The plan also includes driving down renewable energy costs and creating a skilled, clean energy workforce through a staged pipeline of construction projects over the next 15 years.

“Transitioning to clean energy is the key to unlocking Australia’s economic potential and combating global warming,” said Greens leader Richard di Natale.

“While both Malcolm Turnbull and Bill Shorten talk about tackling climate change, they have locked us into the industries of the last century, supporting coal and vested interests.

“Charting a course for a more confident, prosperous and healthy Australia needs much more than empty rhetoric, it needs real leadership. RenewAustralia is not just an ambitious vision for our country, it’s the blueprint for making it happen,” he said.

Australian Greens deputy and climate spokesperson, Larissa Waters, Australia could, and must, transform one of the dirtiest energy systems in the world to one of the cleanest.

“Malcolm Turnbull doesn’t deserve to be applauded simply for not being Tony Abbott. If Malcolm Turnbull doesn’t take anything stronger to the UN Climate Summit than Tony Abbott’s pathetic emissions targets then it will be a disastrous failure of leadership,” said Senator Waters.


The Greens’ Plan will:

• Ensure that energy generation is at least 90% renewable by 2030 and double our energy efficiency by 2030;

• Establish a new $500 million government authority – RenewAustralia – tasked with planning and driving the transition to a new clean energy system to leverage $5 billion of construction in new energy generation over the next four years;

• Create a $1 billion Clean Energy Transition Fund to assist coal workers and communities with the transition;

• Implement pollution standards to enable the gradual, staged closure of coal fired power stations, starting with Australia’s dirtiest – Hazelwood.

Comments

29 responses to “Greens set 90% renewables target for 2030, aim to double efficiency of grid”

  1. GregX Avatar
    GregX

    Great plan and looking forward to breathing clean air. Surprisingly no mention of moving cars and trucks to renewable energy?
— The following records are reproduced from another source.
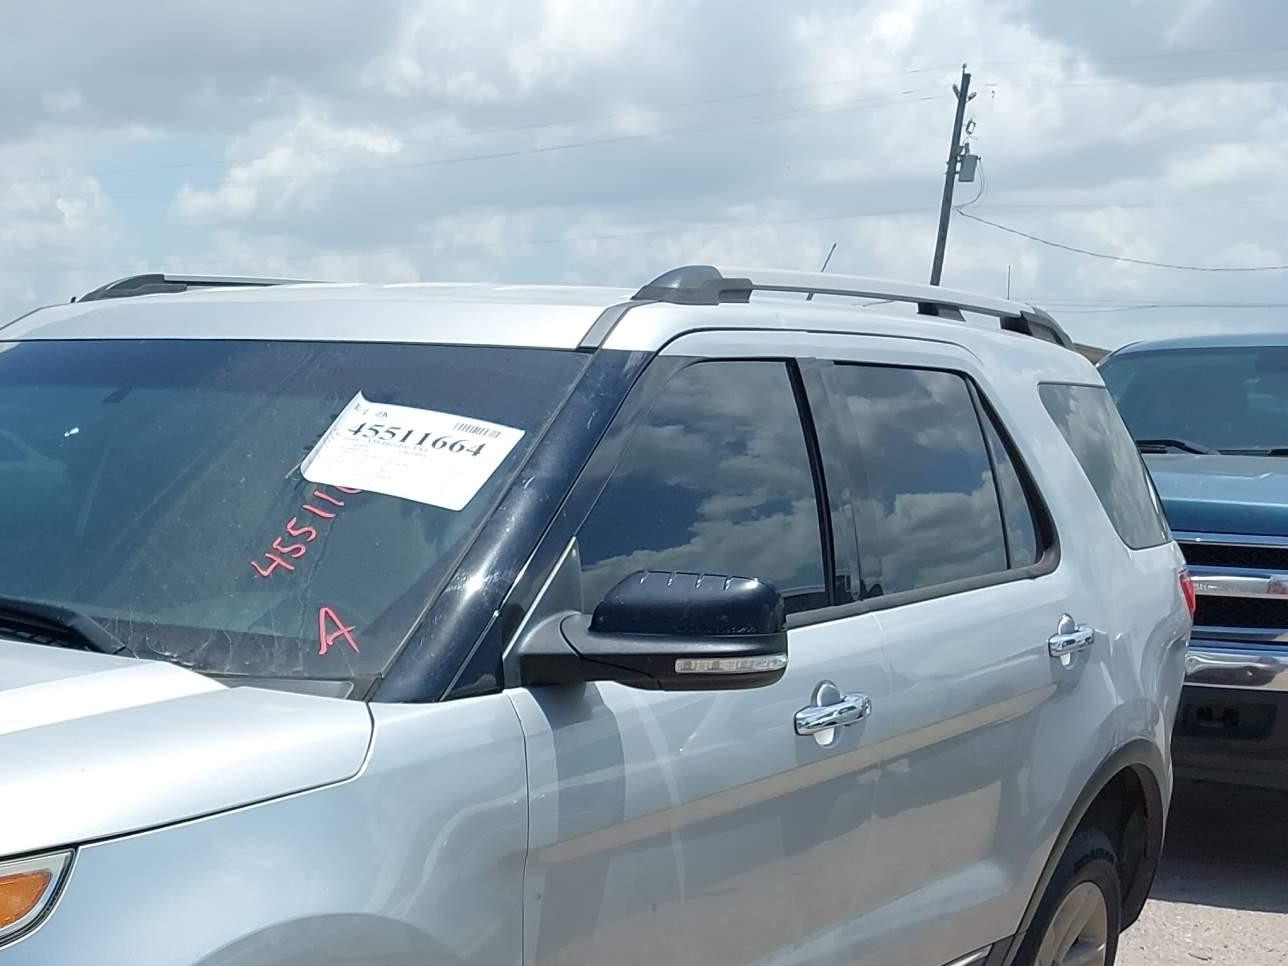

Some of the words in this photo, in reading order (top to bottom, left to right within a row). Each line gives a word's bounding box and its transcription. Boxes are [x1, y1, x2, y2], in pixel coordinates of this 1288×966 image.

[347, 421, 487, 457] 45511664
[250, 485, 363, 579] 45511
[318, 606, 360, 656] A
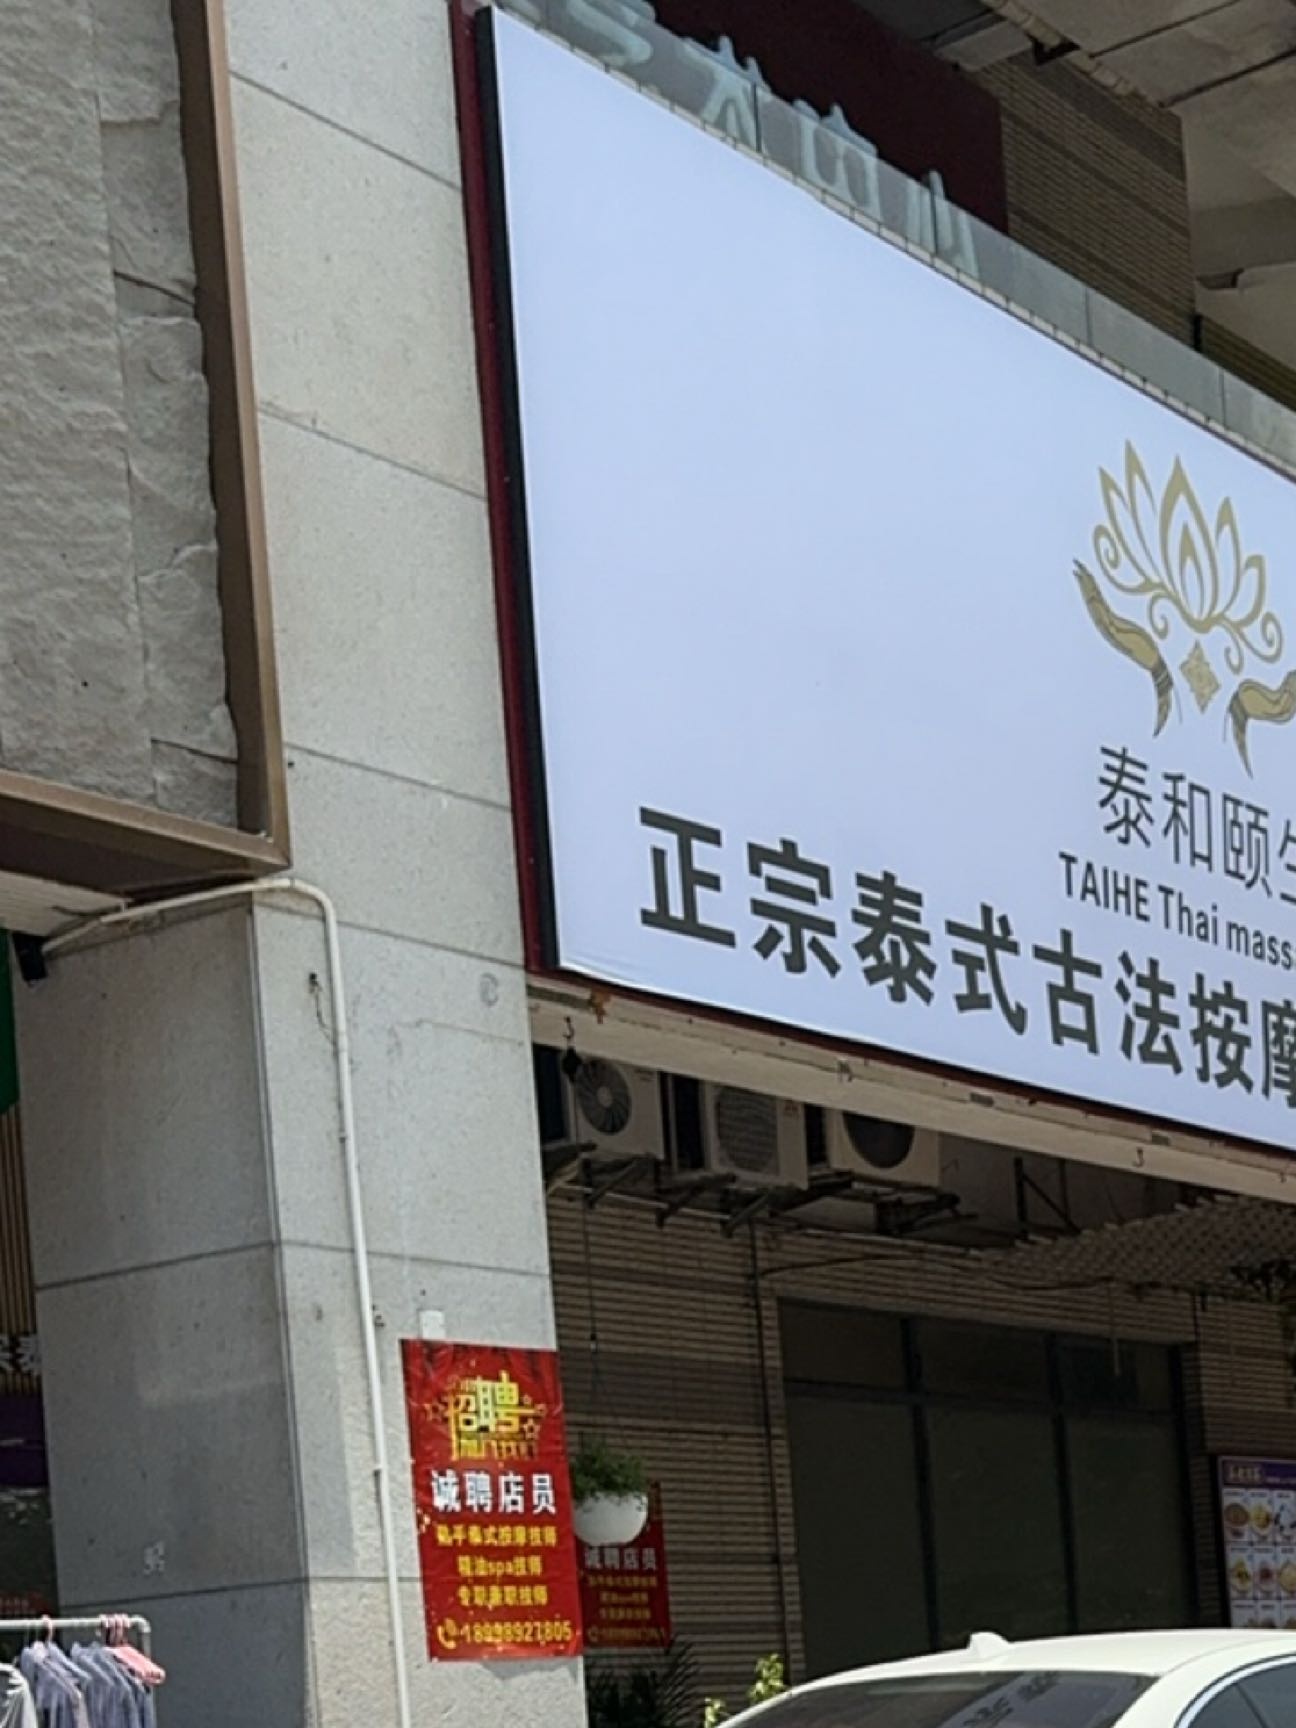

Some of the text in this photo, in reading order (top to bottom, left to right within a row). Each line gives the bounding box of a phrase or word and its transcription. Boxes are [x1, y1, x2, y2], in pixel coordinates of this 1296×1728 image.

[1058, 851, 1151, 923] TAIHE
[1157, 884, 1219, 945] Thai
[431, 1468, 557, 1515] 诚聘店员
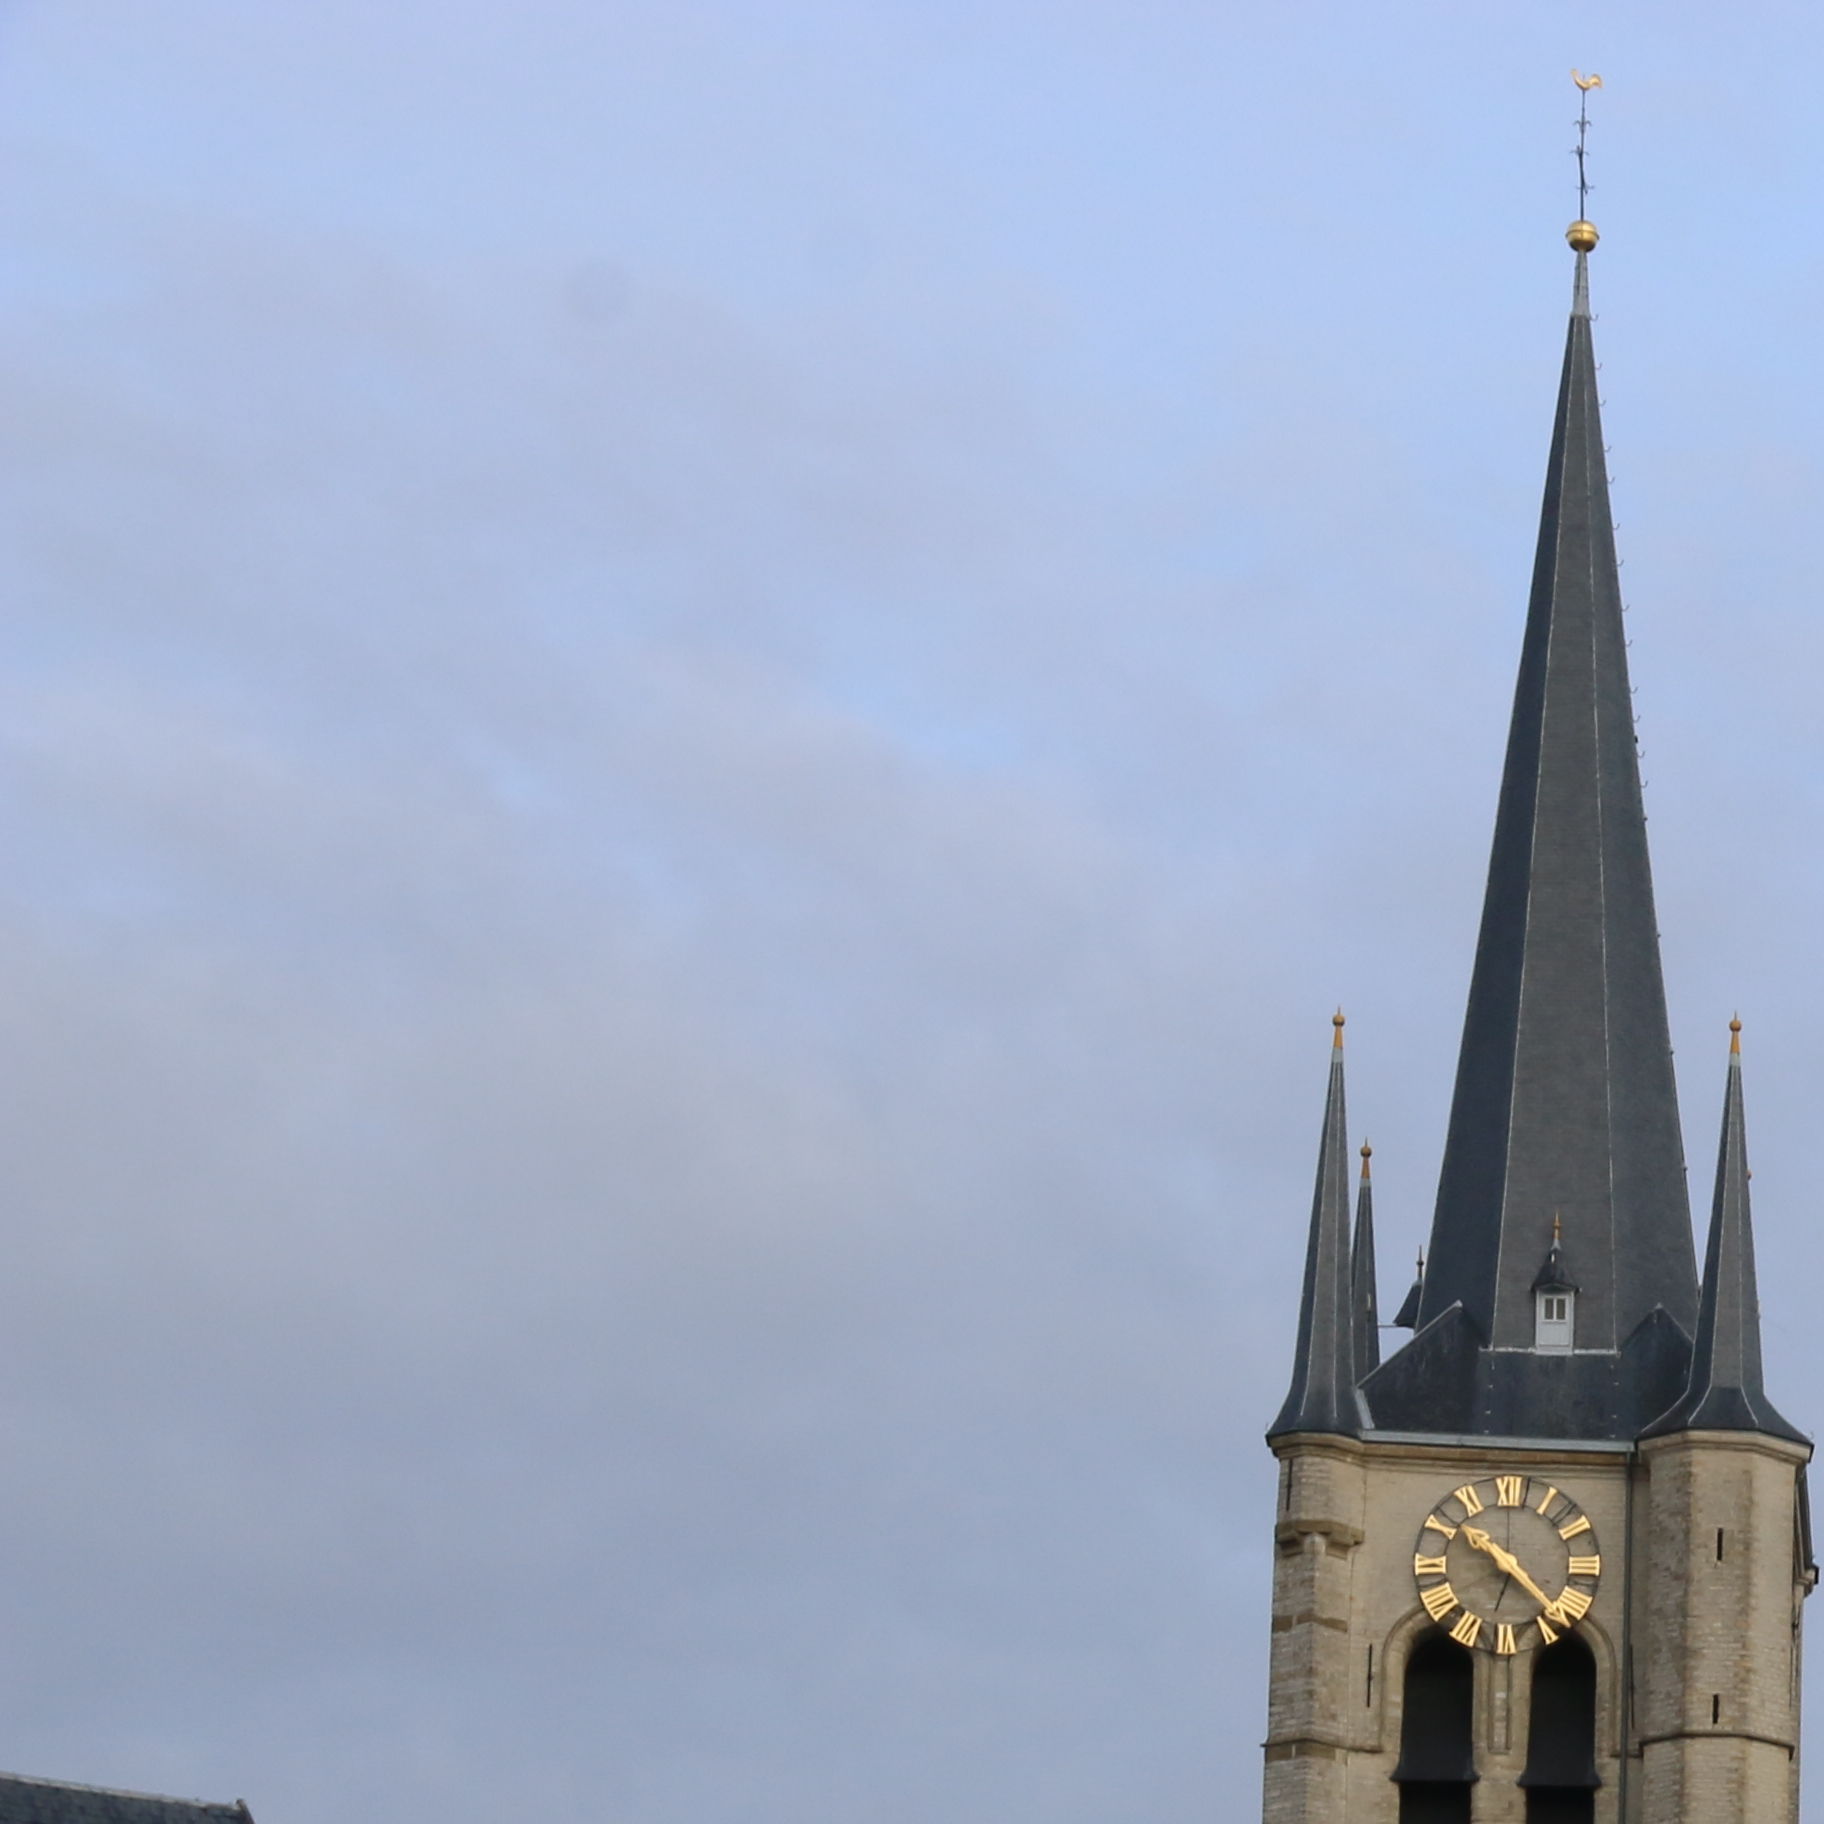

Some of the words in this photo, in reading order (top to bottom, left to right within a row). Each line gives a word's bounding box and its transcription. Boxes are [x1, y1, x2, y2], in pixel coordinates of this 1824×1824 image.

[1454, 1485, 1484, 1517] XI
[1496, 1476, 1522, 1507] XII
[1536, 1486, 1558, 1515] I
[1424, 1514, 1457, 1540] X
[1559, 1515, 1592, 1540] II
[1415, 1553, 1447, 1576] IX
[1568, 1554, 1600, 1576] III
[1420, 1582, 1459, 1622] VIII
[1449, 1610, 1483, 1647] VII
[1496, 1623, 1517, 1654] VI
[1536, 1615, 1560, 1645] V
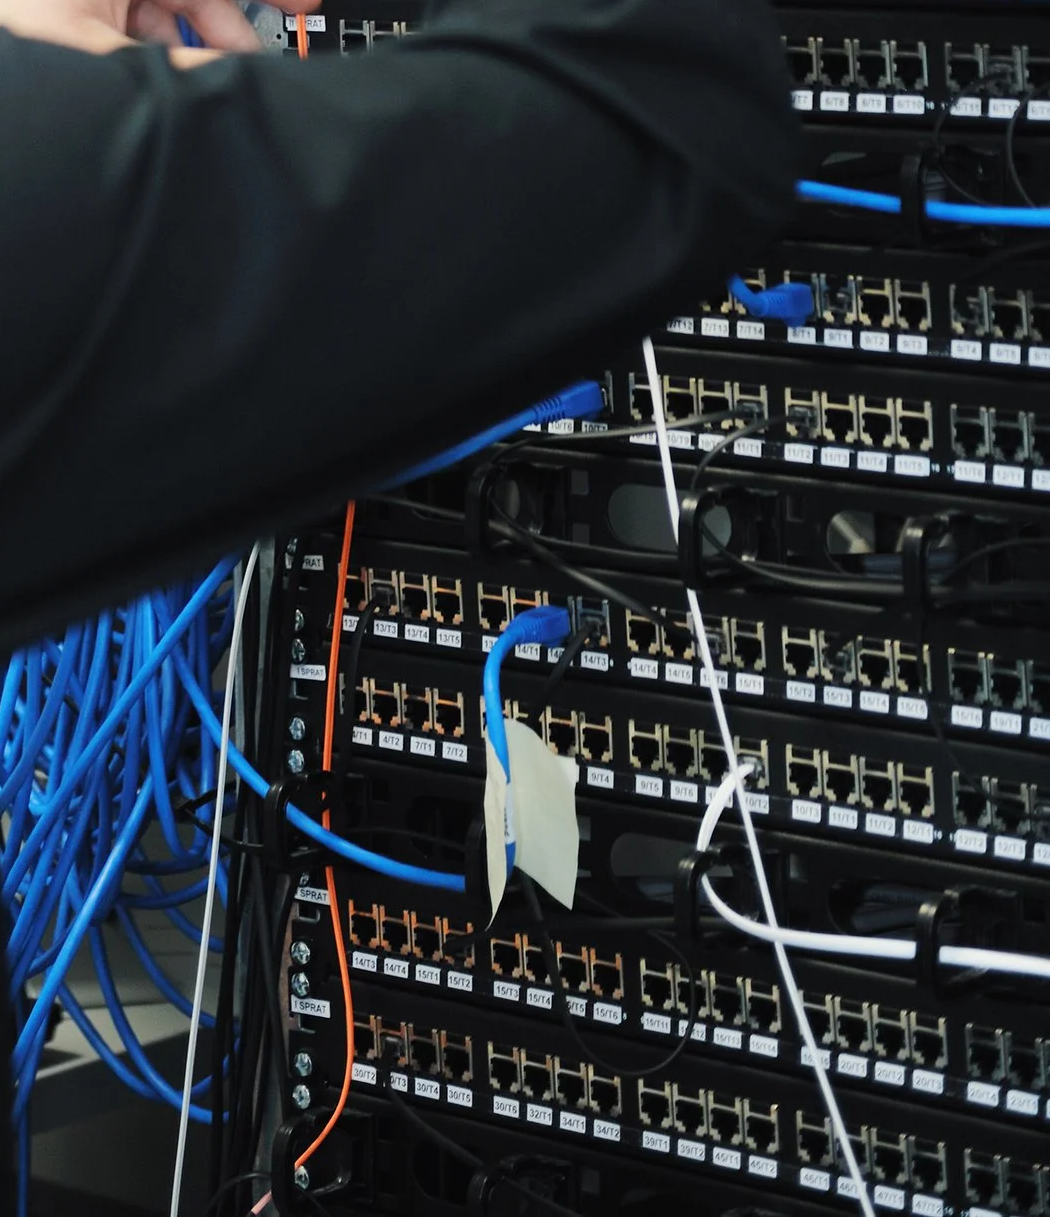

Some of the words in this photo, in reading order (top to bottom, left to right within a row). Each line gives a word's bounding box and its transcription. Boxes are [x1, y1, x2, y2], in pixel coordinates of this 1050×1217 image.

[704, 323, 728, 333] 7/T13
[740, 325, 764, 336] 7/T14
[864, 336, 884, 347] 9/T2
[551, 421, 572, 431] 10/T6
[737, 443, 760, 453] 11/T1
[788, 447, 811, 459] 11/T2
[824, 453, 848, 465] 11/T3
[860, 456, 884, 467] 11/T4
[376, 623, 396, 633] 13/T3
[407, 628, 428, 639] 13/T4
[438, 633, 460, 644] 13/T5
[517, 645, 539, 656] 14/T1
[584, 655, 606, 666] 14/T3
[300, 667, 324, 677] SPRAT
[634, 663, 657, 674] 14/T4
[668, 669, 691, 680] 14/T5
[739, 678, 762, 689] 15/T1
[789, 687, 814, 698] 15/T2
[826, 691, 851, 702] 15/T3
[862, 695, 887, 707] 15/T4
[383, 736, 400, 747] 4/T2
[415, 741, 432, 753] 7/T1
[446, 747, 464, 757] 7/T2
[591, 773, 610, 784] 9/T4
[640, 781, 659, 791] 9/T5
[674, 787, 694, 797] 9/T6
[796, 805, 819, 818] 10/T3
[832, 812, 855, 825] 11/T1
[868, 819, 892, 831] 11/T2
[300, 889, 327, 901] SPRAT
[355, 957, 376, 970] 14/T3
[385, 963, 406, 975] 14/T4
[418, 969, 439, 981] 15/T1
[449, 975, 470, 989] 15/T2
[496, 985, 518, 998] 15/T3
[528, 992, 551, 1005] 15/T4
[298, 1001, 326, 1014] SPRAT
[594, 1007, 618, 1021] 15/T6
[646, 1019, 668, 1030] 15/T11
[716, 1033, 741, 1045] 15/T13
[751, 1041, 776, 1053] 15/T14
[840, 1060, 866, 1073] 20/T1
[354, 1069, 375, 1081] 30/T2
[876, 1067, 902, 1081] 20/T2
[914, 1075, 942, 1089] 20/T3
[416, 1083, 438, 1095] 30/T4
[448, 1091, 471, 1103] 30/T5
[495, 1102, 518, 1114] 30/T6
[529, 1110, 551, 1122] 32/T1
[562, 1117, 585, 1129] 34/T1
[596, 1125, 620, 1139] 34/T2
[645, 1136, 668, 1149] 39/T1
[680, 1145, 704, 1157] 39/T2
[715, 1151, 740, 1165] 45/T1
[750, 1159, 776, 1173] 45/T2
[877, 1190, 904, 1205] 47/T1
[915, 1199, 942, 1213] 47/T2
    1. Jake Schoermer Avatar
      Jake Schoermer

      I was at the announcement today. Adam Bandt said that this was the first stage of the policy suite ahead of the election and that more detailed policies on several sub-areas including electric vehicles and helping get renters into community solar would be announced before the next election.

      1. GregX Avatar
        GregX

        Thanks Jake.

  2. Ray Miller Avatar
    Ray Miller

    I support the plan at least this plan comes close to what we should be achieving in emissions reduction and transitioning into a 21 centenary energy system. I hope the plan includes a major overall of the failed NEM and wrenching it out of the hands of the current energy industry players who have been complicit in rigging the rules in their favour.
    The plan must also include the revolution in energy efficiency to complement the renewables at the same time innovating the grid to be the enabling system which takes advantage of the distributed generation and storage systems.

  3. digicle Avatar
    digicle

    Did this Greens announcement actually get Reneweconomy out of bed on a Sunday? – Gobsmacked

    1. Giles Avatar

      No, we can file from anywhere, bed included.

      1. wideEyedPupil Avatar
        wideEyedPupil

        hi Giles I believe the live streaming was only to MP offices. did you have aspherical link or just working off the press release? are their links to a policy document anywhere?

        1. Jack Gilding Avatar
          Jack Gilding

          It’s not hidden away – you can download it at http://renewaustralia.org.au/

  4. Farmer Dave Avatar
    Farmer Dave

    This sounds like a good plan. It will be interesting to see how the media treat it. The Sunday night ABC television news bulletin did not mention it.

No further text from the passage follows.